The reorganized regiment underwent several field consolidations during the months following its exchanged and was eventually incorporated the garrison of Port Hudson, on the Mississippi river. The regiment, once it regained sufficient strength to operate independently, became a part of Brig. Genl. William Beall's Center Brigade in the Port Hudson entrenchments. The regiment endured forty-eight day siege, and was surrendered to General Nathaniel P. Banks on July 9, 1863. Following the capitulation of Port Hudson, the enlisted men were paroled, but the officers were sent to Johnson's Island.

===Camden Expedition, Red River Campaign===

There are few records of the 12th Arkansas after the fall of Port Hudson. After being paroled, the enlisted personnel of the 12th Arkansas made their way to parole camps near Camden in south Arkansas and were eventually declared exchanged. They served as mounted infantry as a part of Colonel Thomas Pleasant Dockery's Brigade during the Camden Expedition in the Spring of 1864. As part of Dockery's Brigade, remnants of the regiment saw action at the Battles of Prairie D'Ane, Marks' Mills, and Jenkins Ferry.

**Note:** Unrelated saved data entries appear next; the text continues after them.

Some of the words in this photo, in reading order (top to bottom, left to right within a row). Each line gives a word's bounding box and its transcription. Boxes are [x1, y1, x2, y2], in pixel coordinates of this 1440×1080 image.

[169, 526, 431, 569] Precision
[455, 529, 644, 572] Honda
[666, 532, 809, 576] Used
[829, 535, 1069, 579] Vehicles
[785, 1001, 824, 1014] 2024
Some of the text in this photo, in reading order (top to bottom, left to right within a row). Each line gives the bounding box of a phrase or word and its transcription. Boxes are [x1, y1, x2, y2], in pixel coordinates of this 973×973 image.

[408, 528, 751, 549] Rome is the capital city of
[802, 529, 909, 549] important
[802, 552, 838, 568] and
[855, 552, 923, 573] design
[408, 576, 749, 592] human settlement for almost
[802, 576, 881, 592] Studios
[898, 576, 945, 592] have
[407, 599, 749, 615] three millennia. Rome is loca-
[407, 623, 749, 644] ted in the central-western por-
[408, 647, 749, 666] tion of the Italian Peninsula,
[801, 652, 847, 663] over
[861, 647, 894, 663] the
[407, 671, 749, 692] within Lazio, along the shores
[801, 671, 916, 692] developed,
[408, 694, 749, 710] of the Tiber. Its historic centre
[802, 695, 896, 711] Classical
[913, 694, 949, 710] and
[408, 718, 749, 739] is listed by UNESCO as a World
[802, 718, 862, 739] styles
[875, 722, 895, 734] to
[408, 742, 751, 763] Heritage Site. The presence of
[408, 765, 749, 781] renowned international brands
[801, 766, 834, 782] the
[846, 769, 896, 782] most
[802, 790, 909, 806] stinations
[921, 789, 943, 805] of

===Final year of the war===

In the summer of 1864, the survivors of the 12th Arkansas were consolidated with the remains of several other regiments surrendered at Port Hudson or at the Siege of Vicksburg and formed into the 2nd Arkansas Consolidated Infantry Regiment. T. J. Reid Jr, originally from the 12th Arkansas, became the Colonel of the new consolidated regiment. The consolidated regiment was assigned along with the 1st and 3rd Arkansas Consolidated Infantry Regiments to the 2nd (McNair's) Arkansas Brigade, 1st (Churchill's) Arkansas Division, 2nd Corps, Trans-Mississippi Department, from September 1864 to May 1865.

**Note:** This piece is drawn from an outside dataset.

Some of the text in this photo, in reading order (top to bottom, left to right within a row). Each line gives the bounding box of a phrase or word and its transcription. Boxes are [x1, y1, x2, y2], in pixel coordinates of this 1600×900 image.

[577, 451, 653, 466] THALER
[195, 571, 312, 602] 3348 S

On 22 January 1865, Major General Churchill was ordered to move his division to Minden, Louisiana, and occupy winter quarters. Union commanders in the Department of the Gulf reported on March 20, 1865, that General McNair's brigade was located at Minden, Louisiana, with the rest of Churchill's Division. In early April 1865, the division concentrated near Shreveport Louisiana, and then moved to Marshall Texas by mid April 1865.

===Campaign Credit===
The 12th Arkansas participated in the following engagements:

- Battle of Island Number Ten
- Siege of Port Hudson, May 22–July 9, 1863
- Camden Expedition, March 23–May 2, 1864.
  - Battle of Mount Elba, March 30, 1863
  - Battle of Prairie D'Ane, April 9–13, 1864
  - Battle of Marks' Mills, April 25, 1864
  - Battle of Jenkins Ferry, April 30, 1864

== Surrender ==
The 2nd Arkansas Consolidated Infantry was surrendered with the Department of the Trans-Mississippi, General Kirby Smith commanding, May 26, 1865. When the Trans-Mississippi Department surrendered, most of the Arkansas infantry regiments were encamped in and around Marshall, Texas (war-ravaged Arkansas no longer being able to subsist the army). The regiments were ordered to report to Shreveport, Louisiana, to be paroled. Virtually none of them did so. Some soldiers went to Shreveport on their own to be paroled, but for the most part, the regiments simply disbanded without formally surrendering. A company or two managed to keep together until they got home.